En la urbanización del pueblo donde resido no han encendido éste año las luces de Navidad. Tradiciones al margen la medida resulta coherente con la situación que vivimos. ¿ Que hay que iluminar en éstos días ? ¿ Las figuras de los que ya no están entre nosotros, la tragedia de la residencia de ancianos, el desamparo del amigo que perdió el empleo, el cierre del bar de la esquina, la desaparición de la tienda centenaria, la tristeza que irradia la calle ? ¿ Debemos de encender las luces para ver con mayor claridad el miedo que sigue acechándonos, los abrazos que hemos perdido, los besos que quisimos dar y se han quedado en el aire ?
Estamos atravesando un túnel del que nadie puedo predecir cuando y como saldremos.
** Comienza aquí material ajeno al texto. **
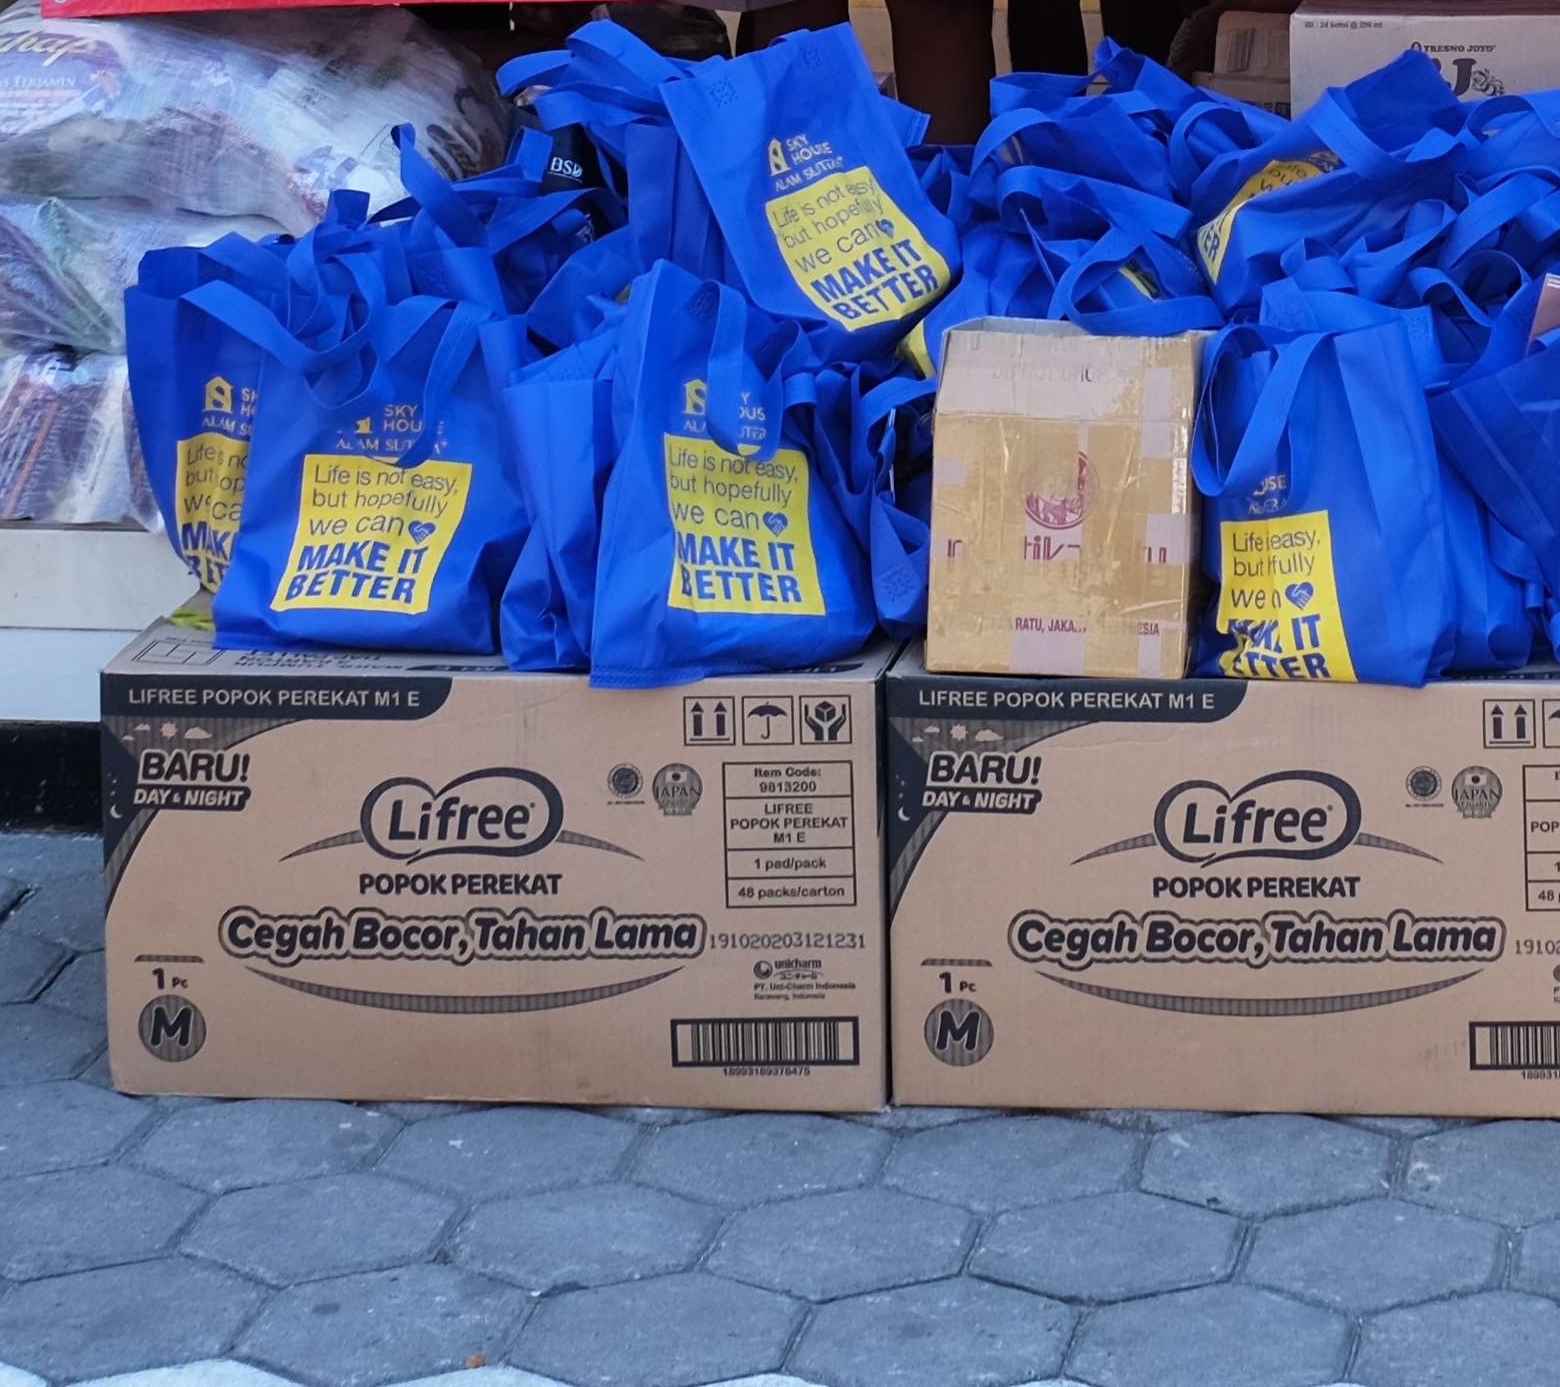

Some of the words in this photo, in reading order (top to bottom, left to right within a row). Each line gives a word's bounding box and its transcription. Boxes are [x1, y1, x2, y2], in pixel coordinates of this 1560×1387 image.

Con cicatrices en el alma seguro que lo hacemos. Por eso es preciso, justo y necesario, que se enciendan otras luces, que nos invada una luminosidad de otra dimensión, que encienda la mecha de la esperanza. Una luz que hable de ayudas efectivas, no de palabrería hueca, para los que se han asomado al precipicio económico; de solidaridad real y no de mera propaganda para tratar de paliar tanta desolación e infortunio.
Los de arriba, los que mandan y nos desgobiernan, los que se llenan la boca con promesas que no cumplen están obligados al encendido de las luces de urgencia para que en muchos hogares prenda, al menos, la vela de la esperanza.
Solo me resta desearles que pese a lo atípico de ésta Navidad, una Navidad de ausencias, de distanciamientos impuestos, del miedo que no cesa y las incógnitas por despejar, se instale en sus corazones el milagro de la alegría de vivir en paz, salud y armonía. Y que atisbemos pronto un amanecer ilusionante.